The Presidency has often justified Buhari’s frequent travels, saying he is bringing in foreign direct investment to the country. What is your assessment of this strategy?
It’s a failure. It has yielded no significant result we can see. Foreign investment in Nigeria has slumped to its lowest level in years, with a relatively minuscule amount of $2.8bn in the first half of 2021. Many investors are staying away from Nigeria and others are leaving for many reasons: insecurity, unease of doing business, corruption, rule of law issues, and so on. Meanwhile, under better political and economic leadership, our country should be a natural magnet for productive foreign investment.
Bureaux de change have been banned from trading in forex. What does this mean for businesses and travellers?
As the CBN says, they should go to the banks. The whole idea of a central bank funding BDCs was bound to come to an end one day because the whole thing eventually became a huge racket that was draining our foreign reserves. Let’s see if the apex bank will maintain its stance or cave in to vested interests.
You received support for your presidential bid in 2019, though some might argue that you didn’t do enough to reach a consensus with the likes of Fela Durotoye, Omoyele Sowore and Dr Oby Ezekwesili, in a bid to create a formidable third force. What lessons did you garner from the election experience?

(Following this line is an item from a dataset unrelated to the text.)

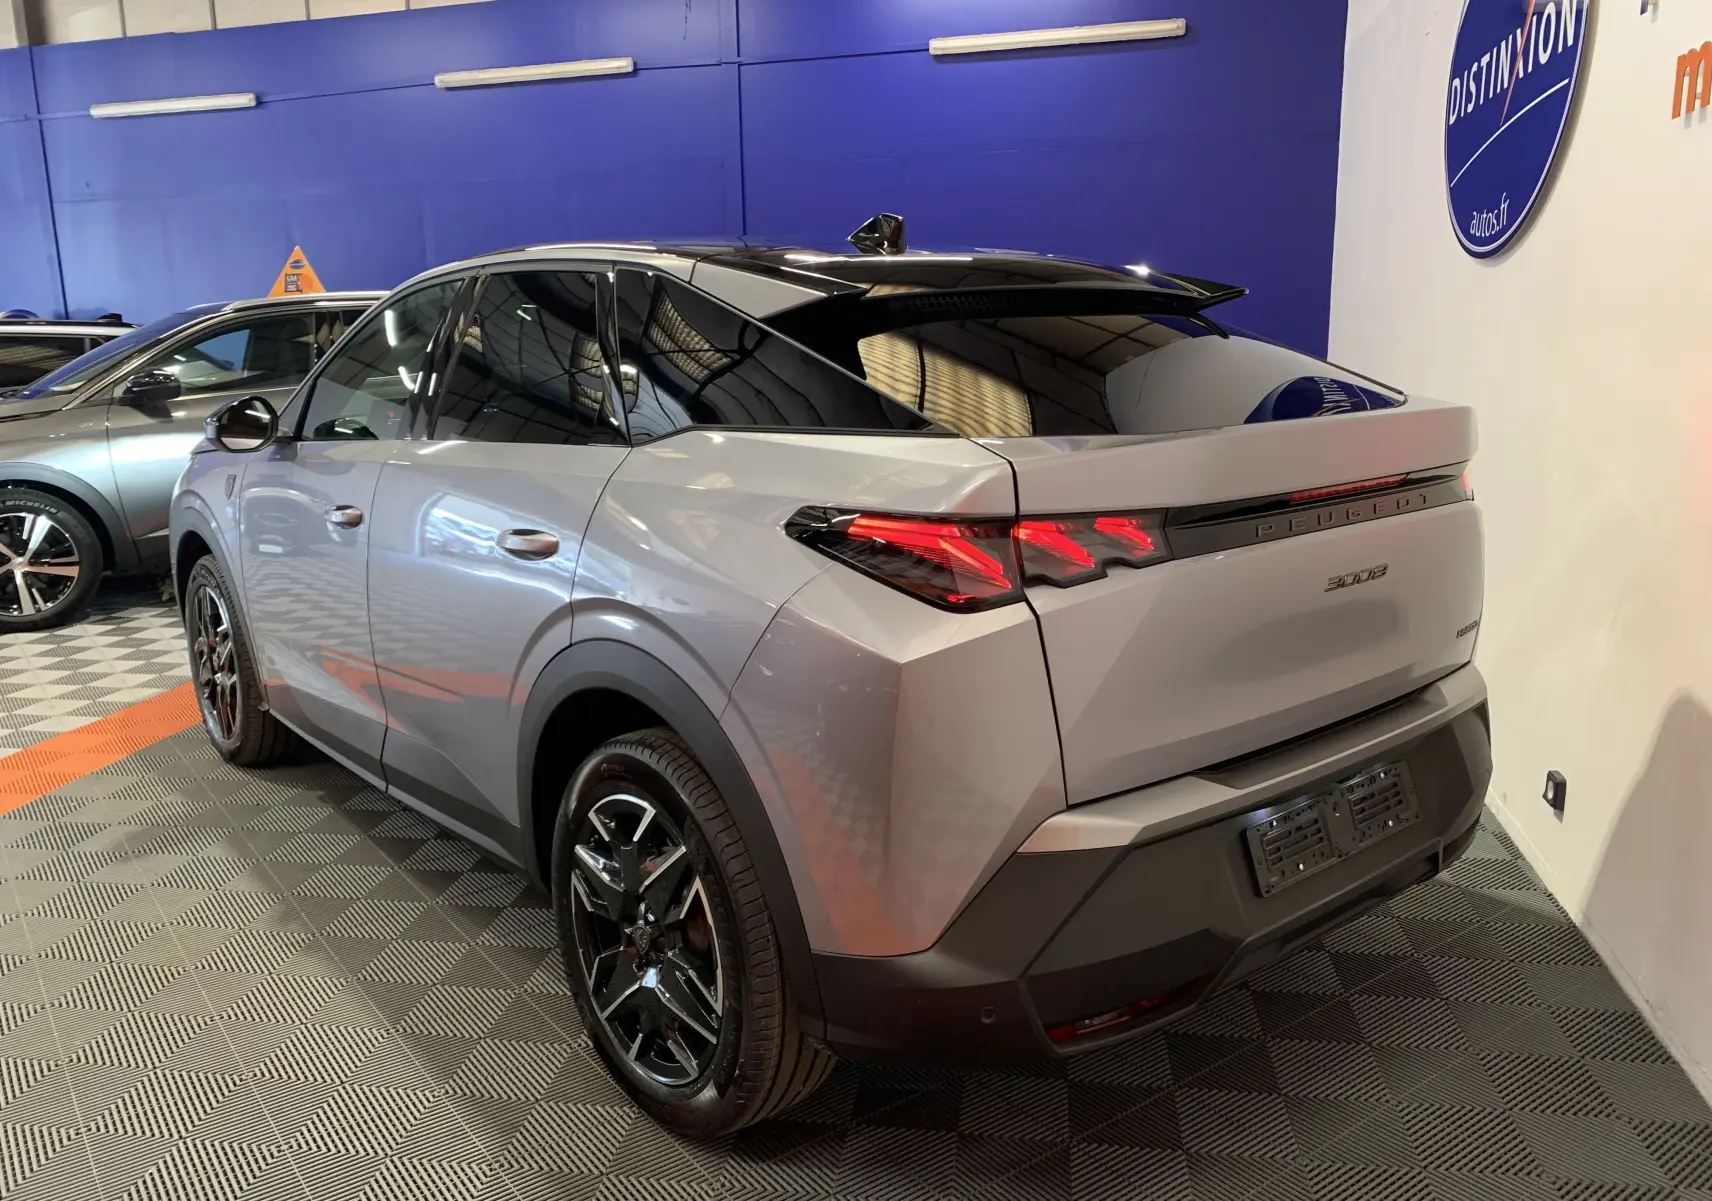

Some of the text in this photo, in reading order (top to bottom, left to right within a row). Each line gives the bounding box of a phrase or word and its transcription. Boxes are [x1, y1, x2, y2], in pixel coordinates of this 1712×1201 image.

A consensus is something to be reached by the willing. It should never be forced because that is undemocratic. The outcome of the 2019 elections held many lessons. One, it reflected that Nigerians were not yet ready for real change away from the failed political elite. So, we have been willing slaves to the manipulations of the politicians in the two big political parties, the All Progressives Congress and the Peoples Democratic Party. It’s a good thing the number of political parties has been reduced to 18. I predict that, with the crisis of failed leadership and bad governance in which our country finds itself and which has got worse since the 2019 election, and with the internal crisis in the APC/PDP, 2023 will be more competitive. The biggest problem of our democracy, as I have seen, is us the citizens. Our people are poor and hungry, and the collapse of values has twisted the minds of millions to sell their birthright to incompetent politicians. Many citizens also are not educated enough to make informed voting decisions. But my candidacy in 2019 had a great impact because it was different from the norm and changed the political narrative in Nigeria towards political reform. That is a huge achievement.
Are you running for president again in 2023?
Yes, and I formally announced my intention with a statement on June 1. I will run again because the people matter. I am in this for the people and for our country, not for myself. But this time, we will have the benefit of many lessons from the last outing in 2019. I am in consultations to decide on a political party platform, since I resigned from the Young Progressives Party in October 2019. We will have a strong ground operation in all voting wards in the country this time around, and are working on having sufficient funding for a strong campaign. We have a strategy to win in 2023. If we have funding support from Nigerians, the chances of victory in 2023 are far better than they were in 2019. The political dynamics in the country are changing in our favour.